(Exercise materials Opens)

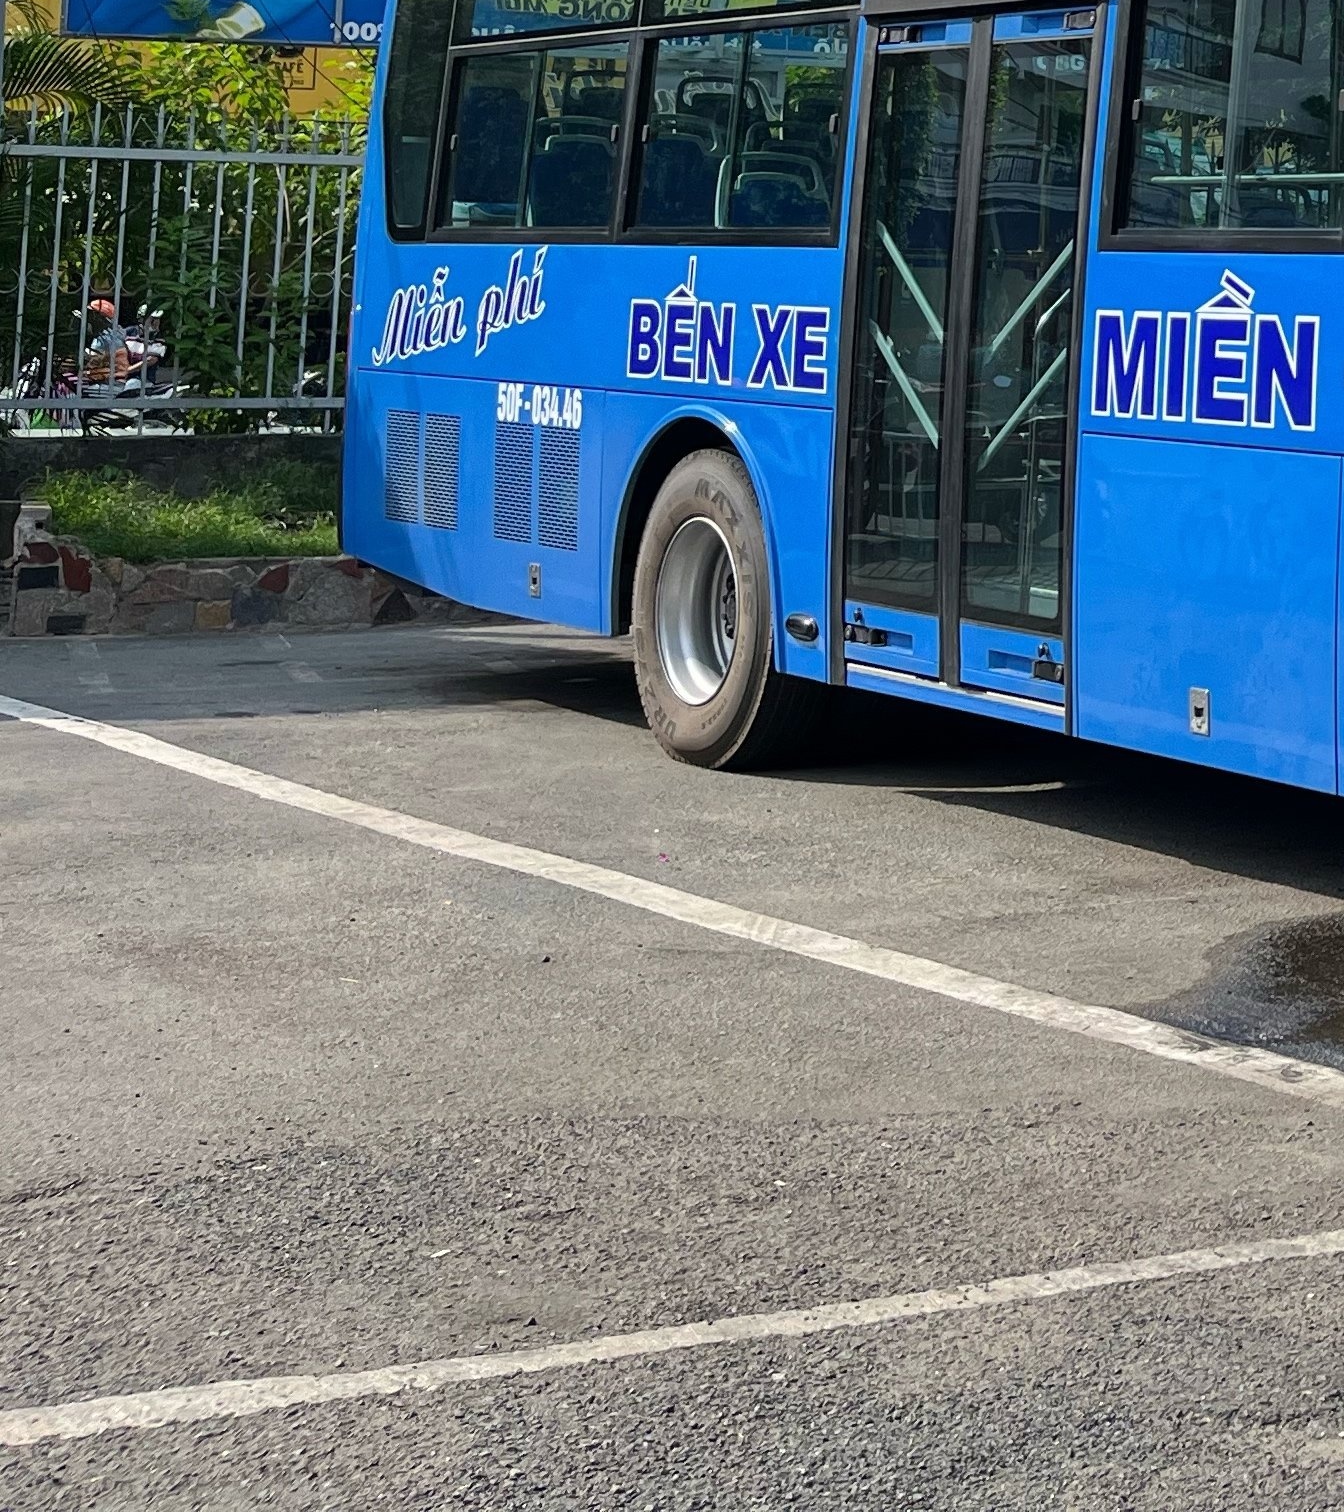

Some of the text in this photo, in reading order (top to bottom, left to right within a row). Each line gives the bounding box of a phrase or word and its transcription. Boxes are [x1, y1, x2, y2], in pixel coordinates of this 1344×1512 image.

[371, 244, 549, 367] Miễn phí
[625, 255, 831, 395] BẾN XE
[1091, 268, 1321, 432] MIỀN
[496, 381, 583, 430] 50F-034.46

(Exercise materials Closes)

Task: Please retype every record exactly, leaving the pictures out.

Written solution:
Some of the text in this photo, in reading order (top to bottom, left to right within a row). Each line gives the bounding box of a phrase or word and its transcription. Boxes are [x1, y1, x2, y2], in pixel coordinates of this 1344×1512 image.

[371, 244, 549, 367] Miễn phí
[625, 255, 831, 395] BẾN XE
[1091, 268, 1321, 432] MIỀN
[496, 381, 583, 430] 50F-034.46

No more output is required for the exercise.